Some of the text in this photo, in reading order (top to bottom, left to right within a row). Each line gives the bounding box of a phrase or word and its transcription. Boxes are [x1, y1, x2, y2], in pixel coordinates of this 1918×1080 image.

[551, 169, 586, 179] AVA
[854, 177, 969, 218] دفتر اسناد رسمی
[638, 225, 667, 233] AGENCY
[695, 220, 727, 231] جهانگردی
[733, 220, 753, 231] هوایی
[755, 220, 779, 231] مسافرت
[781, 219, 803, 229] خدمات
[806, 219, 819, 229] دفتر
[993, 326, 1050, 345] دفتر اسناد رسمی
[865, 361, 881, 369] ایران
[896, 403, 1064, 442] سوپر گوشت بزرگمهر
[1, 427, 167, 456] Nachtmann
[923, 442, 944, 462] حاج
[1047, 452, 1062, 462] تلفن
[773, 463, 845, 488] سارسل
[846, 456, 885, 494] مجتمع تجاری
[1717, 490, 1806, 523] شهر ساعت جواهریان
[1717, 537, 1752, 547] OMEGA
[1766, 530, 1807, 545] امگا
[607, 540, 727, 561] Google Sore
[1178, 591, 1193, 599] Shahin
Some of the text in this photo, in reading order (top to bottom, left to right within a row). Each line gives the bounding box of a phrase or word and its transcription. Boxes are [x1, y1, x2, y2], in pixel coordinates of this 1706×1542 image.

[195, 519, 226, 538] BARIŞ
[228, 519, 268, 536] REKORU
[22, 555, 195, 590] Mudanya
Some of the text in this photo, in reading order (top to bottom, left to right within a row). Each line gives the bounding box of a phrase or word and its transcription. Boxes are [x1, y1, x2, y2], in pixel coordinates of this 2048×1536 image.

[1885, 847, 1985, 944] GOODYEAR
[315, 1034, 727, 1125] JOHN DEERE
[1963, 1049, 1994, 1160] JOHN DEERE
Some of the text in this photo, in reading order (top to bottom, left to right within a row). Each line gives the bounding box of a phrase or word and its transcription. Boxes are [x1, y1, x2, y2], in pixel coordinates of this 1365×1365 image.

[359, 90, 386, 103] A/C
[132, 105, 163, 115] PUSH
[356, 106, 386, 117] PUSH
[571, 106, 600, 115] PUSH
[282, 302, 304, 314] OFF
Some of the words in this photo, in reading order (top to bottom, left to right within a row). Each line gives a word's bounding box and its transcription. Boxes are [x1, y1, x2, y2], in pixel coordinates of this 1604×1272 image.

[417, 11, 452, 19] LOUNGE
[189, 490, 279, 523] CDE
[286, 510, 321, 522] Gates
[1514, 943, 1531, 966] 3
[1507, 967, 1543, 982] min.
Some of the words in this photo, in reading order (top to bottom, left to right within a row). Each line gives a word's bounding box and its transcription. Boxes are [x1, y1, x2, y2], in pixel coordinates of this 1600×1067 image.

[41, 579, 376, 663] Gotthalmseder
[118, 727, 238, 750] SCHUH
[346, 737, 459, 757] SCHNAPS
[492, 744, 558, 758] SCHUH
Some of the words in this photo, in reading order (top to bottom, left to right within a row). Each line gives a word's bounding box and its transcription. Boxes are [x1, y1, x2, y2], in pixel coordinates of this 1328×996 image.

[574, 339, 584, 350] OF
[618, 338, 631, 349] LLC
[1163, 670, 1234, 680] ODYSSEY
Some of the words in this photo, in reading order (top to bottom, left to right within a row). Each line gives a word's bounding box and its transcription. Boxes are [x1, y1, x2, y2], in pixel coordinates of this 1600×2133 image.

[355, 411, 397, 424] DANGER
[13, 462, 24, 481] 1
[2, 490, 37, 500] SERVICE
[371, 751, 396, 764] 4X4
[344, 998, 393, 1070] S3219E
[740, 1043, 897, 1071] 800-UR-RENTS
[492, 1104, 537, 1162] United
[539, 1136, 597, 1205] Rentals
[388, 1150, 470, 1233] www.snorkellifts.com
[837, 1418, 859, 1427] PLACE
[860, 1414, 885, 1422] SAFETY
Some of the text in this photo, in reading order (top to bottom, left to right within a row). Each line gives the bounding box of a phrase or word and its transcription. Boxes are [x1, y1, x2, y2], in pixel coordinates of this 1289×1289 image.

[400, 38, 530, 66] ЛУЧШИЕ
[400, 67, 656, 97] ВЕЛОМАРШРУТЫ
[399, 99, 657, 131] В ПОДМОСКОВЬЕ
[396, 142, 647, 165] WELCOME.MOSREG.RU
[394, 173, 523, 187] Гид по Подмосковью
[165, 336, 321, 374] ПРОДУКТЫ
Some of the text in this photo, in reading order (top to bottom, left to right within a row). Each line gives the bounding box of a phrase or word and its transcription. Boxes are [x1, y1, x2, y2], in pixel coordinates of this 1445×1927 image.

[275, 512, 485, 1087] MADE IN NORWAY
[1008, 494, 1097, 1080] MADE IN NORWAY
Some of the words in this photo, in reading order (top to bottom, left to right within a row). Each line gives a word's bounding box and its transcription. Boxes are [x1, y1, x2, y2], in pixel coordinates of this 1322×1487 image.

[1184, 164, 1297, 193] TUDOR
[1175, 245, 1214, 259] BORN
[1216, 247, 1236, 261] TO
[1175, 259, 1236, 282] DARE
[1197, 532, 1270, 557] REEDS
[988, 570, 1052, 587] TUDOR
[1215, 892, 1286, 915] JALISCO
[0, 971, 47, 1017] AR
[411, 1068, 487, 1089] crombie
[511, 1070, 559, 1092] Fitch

────────

» **Your goal**
Set down each entry again, exactly as written.

» **Problem solution**
Some of the text in this photo, in reading order (top to bottom, left to right within a row). Each line gives the bounding box of a phrase or word and its transcription. Boxes are [x1, y1, x2, y2], in pixel coordinates of this 1918×1080 image.

[551, 169, 586, 179] AVA
[854, 177, 969, 218] دفتر اسناد رسمی
[638, 225, 667, 233] AGENCY
[695, 220, 727, 231] جهانگردی
[733, 220, 753, 231] هوایی
[755, 220, 779, 231] مسافرت
[781, 219, 803, 229] خدمات
[806, 219, 819, 229] دفتر
[993, 326, 1050, 345] دفتر اسناد رسمی
[865, 361, 881, 369] ایران
[896, 403, 1064, 442] سوپر گوشت بزرگمهر
[1, 427, 167, 456] Nachtmann
[923, 442, 944, 462] حاج
[1047, 452, 1062, 462] تلفن
[773, 463, 845, 488] سارسل
[846, 456, 885, 494] مجتمع تجاری
[1717, 490, 1806, 523] شهر ساعت جواهریان
[1717, 537, 1752, 547] OMEGA
[1766, 530, 1807, 545] امگا
[607, 540, 727, 561] Google Sore
[1178, 591, 1193, 599] Shahin
Some of the text in this photo, in reading order (top to bottom, left to right within a row). Each line gives the bounding box of a phrase or word and its transcription. Boxes are [x1, y1, x2, y2], in pixel coordinates of this 1706×1542 image.

[195, 519, 226, 538] BARIŞ
[228, 519, 268, 536] REKORU
[22, 555, 195, 590] Mudanya
Some of the text in this photo, in reading order (top to bottom, left to right within a row). Each line gives the bounding box of a phrase or word and its transcription. Boxes are [x1, y1, x2, y2], in pixel coordinates of this 2048×1536 image.

[1885, 847, 1985, 944] GOODYEAR
[315, 1034, 727, 1125] JOHN DEERE
[1963, 1049, 1994, 1160] JOHN DEERE
Some of the text in this photo, in reading order (top to bottom, left to right within a row). Each line gives the bounding box of a phrase or word and its transcription. Boxes are [x1, y1, x2, y2], in pixel coordinates of this 1365×1365 image.

[359, 90, 386, 103] A/C
[132, 105, 163, 115] PUSH
[356, 106, 386, 117] PUSH
[571, 106, 600, 115] PUSH
[282, 302, 304, 314] OFF
Some of the words in this photo, in reading order (top to bottom, left to right within a row). Each line gives a word's bounding box and its transcription. Boxes are [x1, y1, x2, y2], in pixel coordinates of this 1604×1272 image.

[417, 11, 452, 19] LOUNGE
[189, 490, 279, 523] CDE
[286, 510, 321, 522] Gates
[1514, 943, 1531, 966] 3
[1507, 967, 1543, 982] min.
Some of the words in this photo, in reading order (top to bottom, left to right within a row). Each line gives a word's bounding box and its transcription. Boxes are [x1, y1, x2, y2], in pixel coordinates of this 1600×1067 image.

[41, 579, 376, 663] Gotthalmseder
[118, 727, 238, 750] SCHUH
[346, 737, 459, 757] SCHNAPS
[492, 744, 558, 758] SCHUH
Some of the words in this photo, in reading order (top to bottom, left to right within a row). Each line gives a word's bounding box and its transcription. Boxes are [x1, y1, x2, y2], in pixel coordinates of this 1328×996 image.

[574, 339, 584, 350] OF
[618, 338, 631, 349] LLC
[1163, 670, 1234, 680] ODYSSEY
Some of the words in this photo, in reading order (top to bottom, left to right within a row). Each line gives a word's bounding box and its transcription. Boxes are [x1, y1, x2, y2], in pixel coordinates of this 1600×2133 image.

[355, 411, 397, 424] DANGER
[13, 462, 24, 481] 1
[2, 490, 37, 500] SERVICE
[371, 751, 396, 764] 4X4
[344, 998, 393, 1070] S3219E
[740, 1043, 897, 1071] 800-UR-RENTS
[492, 1104, 537, 1162] United
[539, 1136, 597, 1205] Rentals
[388, 1150, 470, 1233] www.snorkellifts.com
[837, 1418, 859, 1427] PLACE
[860, 1414, 885, 1422] SAFETY
Some of the text in this photo, in reading order (top to bottom, left to right within a row). Each line gives the bounding box of a phrase or word and its transcription. Boxes are [x1, y1, x2, y2], in pixel coordinates of this 1289×1289 image.

[400, 38, 530, 66] ЛУЧШИЕ
[400, 67, 656, 97] ВЕЛОМАРШРУТЫ
[399, 99, 657, 131] В ПОДМОСКОВЬЕ
[396, 142, 647, 165] WELCOME.MOSREG.RU
[394, 173, 523, 187] Гид по Подмосковью
[165, 336, 321, 374] ПРОДУКТЫ
Some of the text in this photo, in reading order (top to bottom, left to right within a row). Each line gives the bounding box of a phrase or word and its transcription. Boxes are [x1, y1, x2, y2], in pixel coordinates of this 1445×1927 image.

[275, 512, 485, 1087] MADE IN NORWAY
[1008, 494, 1097, 1080] MADE IN NORWAY
Some of the words in this photo, in reading order (top to bottom, left to right within a row). Each line gives a word's bounding box and its transcription. Boxes are [x1, y1, x2, y2], in pixel coordinates of this 1322×1487 image.

[1184, 164, 1297, 193] TUDOR
[1175, 245, 1214, 259] BORN
[1216, 247, 1236, 261] TO
[1175, 259, 1236, 282] DARE
[1197, 532, 1270, 557] REEDS
[988, 570, 1052, 587] TUDOR
[1215, 892, 1286, 915] JALISCO
[0, 971, 47, 1017] AR
[411, 1068, 487, 1089] crombie
[511, 1070, 559, 1092] Fitch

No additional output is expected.